EXERCISE: The records should be repeated word for word, pictures excluded.

Stored data entries
··········
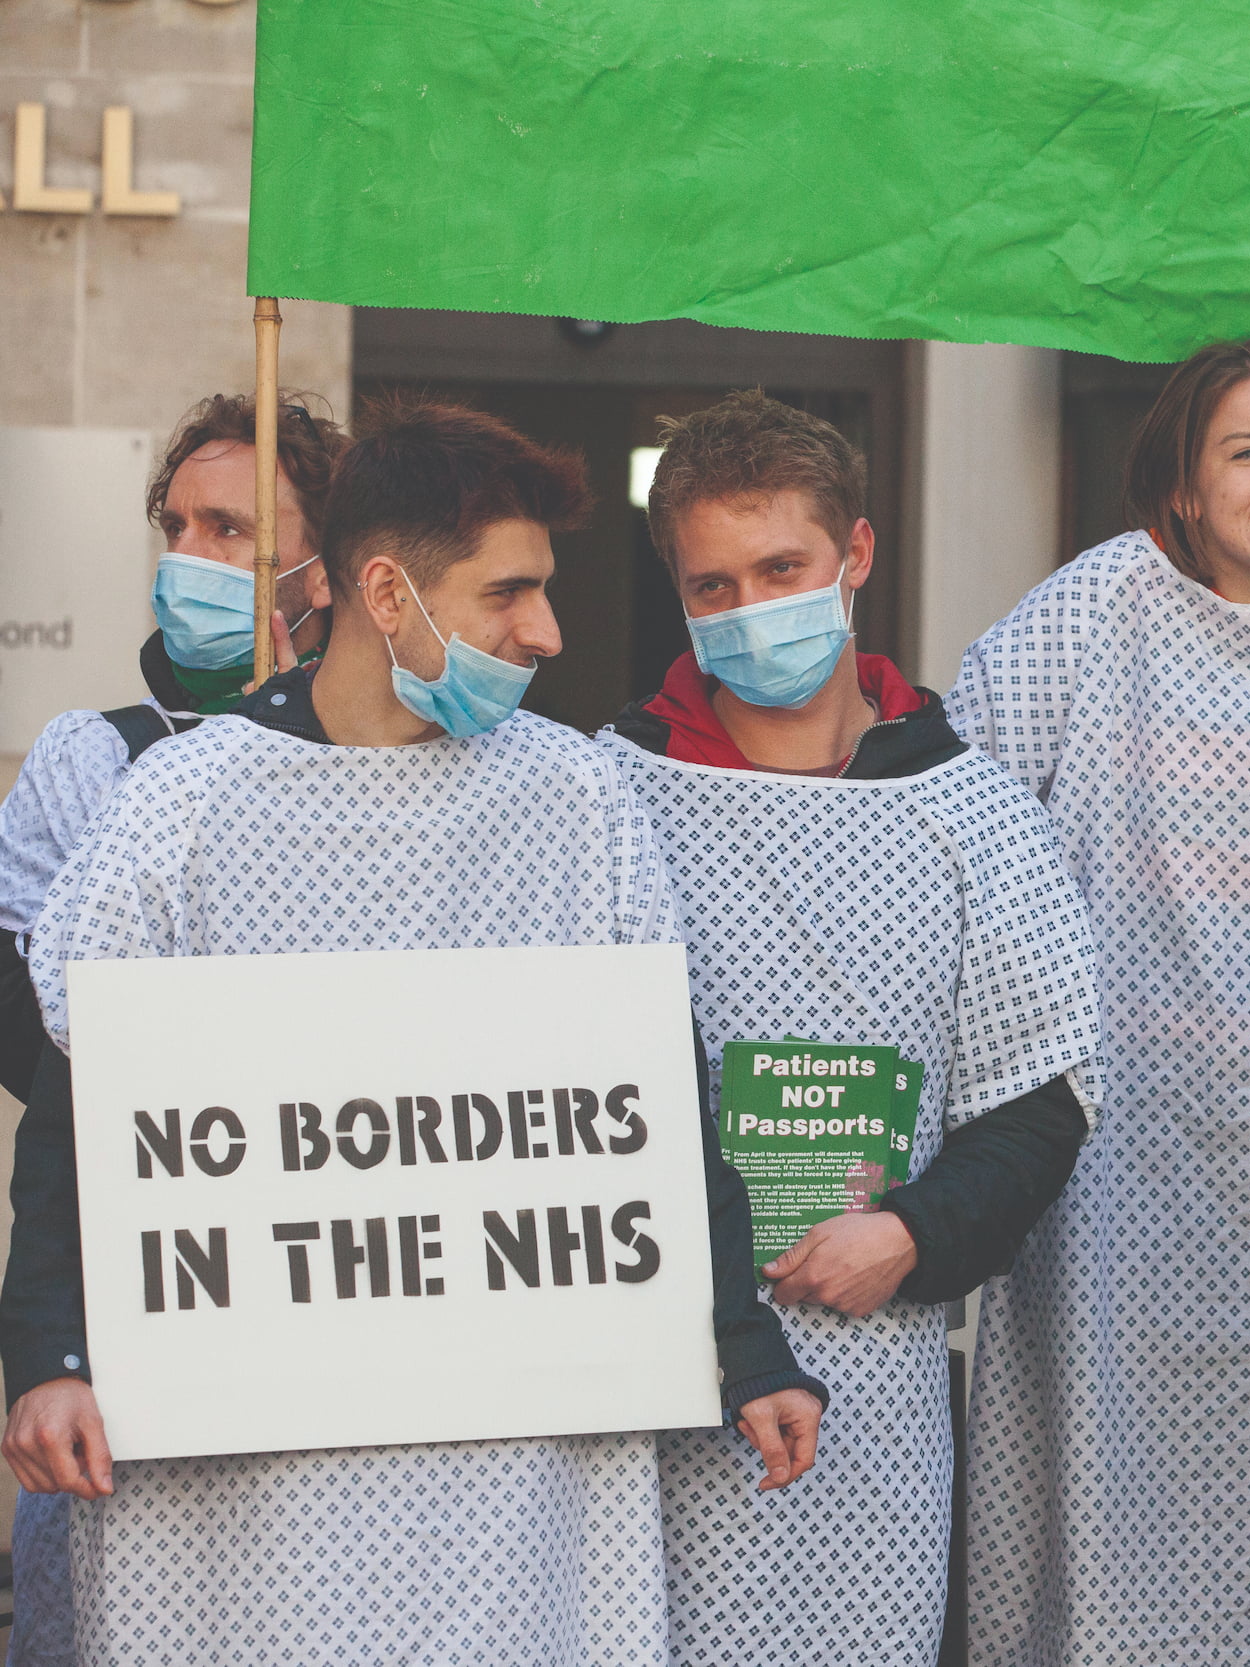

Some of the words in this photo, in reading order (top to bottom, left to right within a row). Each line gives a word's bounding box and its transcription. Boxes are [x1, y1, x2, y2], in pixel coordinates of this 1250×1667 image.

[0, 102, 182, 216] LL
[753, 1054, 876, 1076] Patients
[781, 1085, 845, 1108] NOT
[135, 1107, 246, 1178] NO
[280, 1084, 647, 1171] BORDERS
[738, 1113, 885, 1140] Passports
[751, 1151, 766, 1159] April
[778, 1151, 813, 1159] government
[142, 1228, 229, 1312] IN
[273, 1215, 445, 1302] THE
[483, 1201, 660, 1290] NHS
··········
EXPECTED ANSWER:
Some of the words in this photo, in reading order (top to bottom, left to right within a row). Each line gives a word's bounding box and its transcription. Boxes are [x1, y1, x2, y2], in pixel coordinates of this 1250×1667 image.

[0, 102, 182, 216] LL
[753, 1054, 876, 1076] Patients
[781, 1085, 845, 1108] NOT
[135, 1107, 246, 1178] NO
[280, 1084, 647, 1171] BORDERS
[738, 1113, 885, 1140] Passports
[751, 1151, 766, 1159] April
[778, 1151, 813, 1159] government
[142, 1228, 229, 1312] IN
[273, 1215, 445, 1302] THE
[483, 1201, 660, 1290] NHS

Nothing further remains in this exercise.